• **ASSIGNED TASK**:
Could you please repeat the data below word for word?

Recorded data:
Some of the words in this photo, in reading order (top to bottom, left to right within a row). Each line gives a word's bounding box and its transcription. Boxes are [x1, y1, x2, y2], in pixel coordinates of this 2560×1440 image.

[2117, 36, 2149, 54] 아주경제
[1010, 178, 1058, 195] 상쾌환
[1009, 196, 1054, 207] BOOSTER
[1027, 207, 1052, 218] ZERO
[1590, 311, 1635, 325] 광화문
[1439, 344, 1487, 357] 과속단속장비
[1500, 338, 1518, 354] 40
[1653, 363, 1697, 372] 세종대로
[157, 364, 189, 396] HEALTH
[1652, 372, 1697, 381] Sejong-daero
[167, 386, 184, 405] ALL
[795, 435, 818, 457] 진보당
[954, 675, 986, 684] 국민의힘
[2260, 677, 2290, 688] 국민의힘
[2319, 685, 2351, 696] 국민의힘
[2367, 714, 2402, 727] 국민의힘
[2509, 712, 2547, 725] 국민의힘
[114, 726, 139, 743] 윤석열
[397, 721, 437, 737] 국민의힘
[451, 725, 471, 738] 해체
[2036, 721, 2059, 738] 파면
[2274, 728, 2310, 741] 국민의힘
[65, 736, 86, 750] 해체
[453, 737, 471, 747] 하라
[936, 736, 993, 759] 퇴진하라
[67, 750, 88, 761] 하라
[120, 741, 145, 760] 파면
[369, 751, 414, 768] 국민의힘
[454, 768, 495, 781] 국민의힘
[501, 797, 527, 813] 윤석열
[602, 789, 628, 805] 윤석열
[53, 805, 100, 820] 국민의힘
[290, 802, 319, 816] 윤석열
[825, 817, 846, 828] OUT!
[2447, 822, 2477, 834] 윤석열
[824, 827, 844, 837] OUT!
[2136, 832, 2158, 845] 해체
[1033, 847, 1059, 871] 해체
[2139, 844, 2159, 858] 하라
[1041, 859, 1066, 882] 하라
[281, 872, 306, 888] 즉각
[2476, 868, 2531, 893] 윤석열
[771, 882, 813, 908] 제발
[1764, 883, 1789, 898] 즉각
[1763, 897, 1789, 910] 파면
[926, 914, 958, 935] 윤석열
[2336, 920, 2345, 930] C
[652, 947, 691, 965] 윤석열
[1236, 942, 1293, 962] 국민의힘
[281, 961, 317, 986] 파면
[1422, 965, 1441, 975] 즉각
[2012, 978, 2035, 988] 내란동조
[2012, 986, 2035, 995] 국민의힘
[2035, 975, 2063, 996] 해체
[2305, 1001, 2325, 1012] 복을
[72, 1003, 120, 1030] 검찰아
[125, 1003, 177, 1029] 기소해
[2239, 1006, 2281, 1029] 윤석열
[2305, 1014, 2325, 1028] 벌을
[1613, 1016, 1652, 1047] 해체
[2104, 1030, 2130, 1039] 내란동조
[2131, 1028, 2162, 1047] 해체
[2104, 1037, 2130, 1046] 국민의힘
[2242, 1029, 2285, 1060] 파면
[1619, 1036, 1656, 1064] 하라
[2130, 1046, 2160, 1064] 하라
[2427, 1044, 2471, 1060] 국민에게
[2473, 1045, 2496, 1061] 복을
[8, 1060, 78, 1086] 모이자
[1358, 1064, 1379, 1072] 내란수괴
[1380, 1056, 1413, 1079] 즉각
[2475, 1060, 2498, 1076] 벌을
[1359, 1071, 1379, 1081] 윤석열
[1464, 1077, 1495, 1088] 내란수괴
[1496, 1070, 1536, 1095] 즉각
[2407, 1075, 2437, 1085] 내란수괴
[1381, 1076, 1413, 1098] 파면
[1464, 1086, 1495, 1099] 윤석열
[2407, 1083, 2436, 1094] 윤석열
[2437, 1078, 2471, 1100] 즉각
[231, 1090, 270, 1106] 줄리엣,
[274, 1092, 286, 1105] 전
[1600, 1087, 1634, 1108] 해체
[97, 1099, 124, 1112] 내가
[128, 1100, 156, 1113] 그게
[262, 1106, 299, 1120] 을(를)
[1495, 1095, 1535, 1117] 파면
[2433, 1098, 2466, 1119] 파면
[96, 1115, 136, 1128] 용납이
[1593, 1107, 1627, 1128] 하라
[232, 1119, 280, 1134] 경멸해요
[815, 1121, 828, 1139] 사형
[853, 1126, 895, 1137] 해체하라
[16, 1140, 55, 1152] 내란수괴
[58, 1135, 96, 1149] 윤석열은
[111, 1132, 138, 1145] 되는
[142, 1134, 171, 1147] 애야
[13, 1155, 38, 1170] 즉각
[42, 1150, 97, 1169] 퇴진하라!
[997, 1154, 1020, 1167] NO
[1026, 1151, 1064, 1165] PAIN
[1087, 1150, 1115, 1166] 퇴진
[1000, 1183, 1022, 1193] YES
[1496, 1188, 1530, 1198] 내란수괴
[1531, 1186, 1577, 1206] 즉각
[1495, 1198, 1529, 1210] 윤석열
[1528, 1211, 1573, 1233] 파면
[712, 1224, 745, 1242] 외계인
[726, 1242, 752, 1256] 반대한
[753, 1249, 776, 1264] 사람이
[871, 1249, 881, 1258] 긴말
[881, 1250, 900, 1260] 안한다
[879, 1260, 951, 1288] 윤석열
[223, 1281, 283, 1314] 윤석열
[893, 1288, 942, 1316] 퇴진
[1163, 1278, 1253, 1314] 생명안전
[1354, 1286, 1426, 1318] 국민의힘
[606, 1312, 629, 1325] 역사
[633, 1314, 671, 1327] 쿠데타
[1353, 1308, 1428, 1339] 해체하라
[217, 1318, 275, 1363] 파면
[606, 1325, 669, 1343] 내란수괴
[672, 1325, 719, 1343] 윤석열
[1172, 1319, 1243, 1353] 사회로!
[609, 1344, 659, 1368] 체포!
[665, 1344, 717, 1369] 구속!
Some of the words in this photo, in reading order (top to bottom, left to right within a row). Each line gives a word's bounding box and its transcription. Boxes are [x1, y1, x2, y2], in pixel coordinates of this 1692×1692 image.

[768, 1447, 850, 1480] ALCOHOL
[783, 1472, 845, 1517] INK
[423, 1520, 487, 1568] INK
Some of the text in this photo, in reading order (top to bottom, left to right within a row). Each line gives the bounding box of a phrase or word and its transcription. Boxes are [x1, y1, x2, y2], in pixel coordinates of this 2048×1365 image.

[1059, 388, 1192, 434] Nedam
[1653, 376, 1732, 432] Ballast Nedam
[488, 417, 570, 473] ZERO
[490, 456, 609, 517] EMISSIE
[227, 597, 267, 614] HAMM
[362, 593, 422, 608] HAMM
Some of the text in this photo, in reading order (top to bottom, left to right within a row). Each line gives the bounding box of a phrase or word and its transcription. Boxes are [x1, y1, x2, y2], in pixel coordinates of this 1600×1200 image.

• **REPLY**:
Some of the words in this photo, in reading order (top to bottom, left to right within a row). Each line gives a word's bounding box and its transcription. Boxes are [x1, y1, x2, y2], in pixel coordinates of this 2560×1440 image.

[2117, 36, 2149, 54] 아주경제
[1010, 178, 1058, 195] 상쾌환
[1009, 196, 1054, 207] BOOSTER
[1027, 207, 1052, 218] ZERO
[1590, 311, 1635, 325] 광화문
[1439, 344, 1487, 357] 과속단속장비
[1500, 338, 1518, 354] 40
[1653, 363, 1697, 372] 세종대로
[157, 364, 189, 396] HEALTH
[1652, 372, 1697, 381] Sejong-daero
[167, 386, 184, 405] ALL
[795, 435, 818, 457] 진보당
[954, 675, 986, 684] 국민의힘
[2260, 677, 2290, 688] 국민의힘
[2319, 685, 2351, 696] 국민의힘
[2367, 714, 2402, 727] 국민의힘
[2509, 712, 2547, 725] 국민의힘
[114, 726, 139, 743] 윤석열
[397, 721, 437, 737] 국민의힘
[451, 725, 471, 738] 해체
[2036, 721, 2059, 738] 파면
[2274, 728, 2310, 741] 국민의힘
[65, 736, 86, 750] 해체
[453, 737, 471, 747] 하라
[936, 736, 993, 759] 퇴진하라
[67, 750, 88, 761] 하라
[120, 741, 145, 760] 파면
[369, 751, 414, 768] 국민의힘
[454, 768, 495, 781] 국민의힘
[501, 797, 527, 813] 윤석열
[602, 789, 628, 805] 윤석열
[53, 805, 100, 820] 국민의힘
[290, 802, 319, 816] 윤석열
[825, 817, 846, 828] OUT!
[2447, 822, 2477, 834] 윤석열
[824, 827, 844, 837] OUT!
[2136, 832, 2158, 845] 해체
[1033, 847, 1059, 871] 해체
[2139, 844, 2159, 858] 하라
[1041, 859, 1066, 882] 하라
[281, 872, 306, 888] 즉각
[2476, 868, 2531, 893] 윤석열
[771, 882, 813, 908] 제발
[1764, 883, 1789, 898] 즉각
[1763, 897, 1789, 910] 파면
[926, 914, 958, 935] 윤석열
[2336, 920, 2345, 930] C
[652, 947, 691, 965] 윤석열
[1236, 942, 1293, 962] 국민의힘
[281, 961, 317, 986] 파면
[1422, 965, 1441, 975] 즉각
[2012, 978, 2035, 988] 내란동조
[2012, 986, 2035, 995] 국민의힘
[2035, 975, 2063, 996] 해체
[2305, 1001, 2325, 1012] 복을
[72, 1003, 120, 1030] 검찰아
[125, 1003, 177, 1029] 기소해
[2239, 1006, 2281, 1029] 윤석열
[2305, 1014, 2325, 1028] 벌을
[1613, 1016, 1652, 1047] 해체
[2104, 1030, 2130, 1039] 내란동조
[2131, 1028, 2162, 1047] 해체
[2104, 1037, 2130, 1046] 국민의힘
[2242, 1029, 2285, 1060] 파면
[1619, 1036, 1656, 1064] 하라
[2130, 1046, 2160, 1064] 하라
[2427, 1044, 2471, 1060] 국민에게
[2473, 1045, 2496, 1061] 복을
[8, 1060, 78, 1086] 모이자
[1358, 1064, 1379, 1072] 내란수괴
[1380, 1056, 1413, 1079] 즉각
[2475, 1060, 2498, 1076] 벌을
[1359, 1071, 1379, 1081] 윤석열
[1464, 1077, 1495, 1088] 내란수괴
[1496, 1070, 1536, 1095] 즉각
[2407, 1075, 2437, 1085] 내란수괴
[1381, 1076, 1413, 1098] 파면
[1464, 1086, 1495, 1099] 윤석열
[2407, 1083, 2436, 1094] 윤석열
[2437, 1078, 2471, 1100] 즉각
[231, 1090, 270, 1106] 줄리엣,
[274, 1092, 286, 1105] 전
[1600, 1087, 1634, 1108] 해체
[97, 1099, 124, 1112] 내가
[128, 1100, 156, 1113] 그게
[262, 1106, 299, 1120] 을(를)
[1495, 1095, 1535, 1117] 파면
[2433, 1098, 2466, 1119] 파면
[96, 1115, 136, 1128] 용납이
[1593, 1107, 1627, 1128] 하라
[232, 1119, 280, 1134] 경멸해요
[815, 1121, 828, 1139] 사형
[853, 1126, 895, 1137] 해체하라
[16, 1140, 55, 1152] 내란수괴
[58, 1135, 96, 1149] 윤석열은
[111, 1132, 138, 1145] 되는
[142, 1134, 171, 1147] 애야
[13, 1155, 38, 1170] 즉각
[42, 1150, 97, 1169] 퇴진하라!
[997, 1154, 1020, 1167] NO
[1026, 1151, 1064, 1165] PAIN
[1087, 1150, 1115, 1166] 퇴진
[1000, 1183, 1022, 1193] YES
[1496, 1188, 1530, 1198] 내란수괴
[1531, 1186, 1577, 1206] 즉각
[1495, 1198, 1529, 1210] 윤석열
[1528, 1211, 1573, 1233] 파면
[712, 1224, 745, 1242] 외계인
[726, 1242, 752, 1256] 반대한
[753, 1249, 776, 1264] 사람이
[871, 1249, 881, 1258] 긴말
[881, 1250, 900, 1260] 안한다
[879, 1260, 951, 1288] 윤석열
[223, 1281, 283, 1314] 윤석열
[893, 1288, 942, 1316] 퇴진
[1163, 1278, 1253, 1314] 생명안전
[1354, 1286, 1426, 1318] 국민의힘
[606, 1312, 629, 1325] 역사
[633, 1314, 671, 1327] 쿠데타
[1353, 1308, 1428, 1339] 해체하라
[217, 1318, 275, 1363] 파면
[606, 1325, 669, 1343] 내란수괴
[672, 1325, 719, 1343] 윤석열
[1172, 1319, 1243, 1353] 사회로!
[609, 1344, 659, 1368] 체포!
[665, 1344, 717, 1369] 구속!
Some of the words in this photo, in reading order (top to bottom, left to right within a row). Each line gives a word's bounding box and its transcription. Boxes are [x1, y1, x2, y2], in pixel coordinates of this 1692×1692 image.

[768, 1447, 850, 1480] ALCOHOL
[783, 1472, 845, 1517] INK
[423, 1520, 487, 1568] INK
Some of the text in this photo, in reading order (top to bottom, left to right within a row). Each line gives the bounding box of a phrase or word and its transcription. Boxes are [x1, y1, x2, y2], in pixel coordinates of this 2048×1365 image.

[1059, 388, 1192, 434] Nedam
[1653, 376, 1732, 432] Ballast Nedam
[488, 417, 570, 473] ZERO
[490, 456, 609, 517] EMISSIE
[227, 597, 267, 614] HAMM
[362, 593, 422, 608] HAMM
Some of the text in this photo, in reading order (top to bottom, left to right within a row). Each line gives the bounding box of a phrase or word and its transcription. Boxes are [x1, y1, x2, y2], in pixel coordinates of this 1600×1200 image.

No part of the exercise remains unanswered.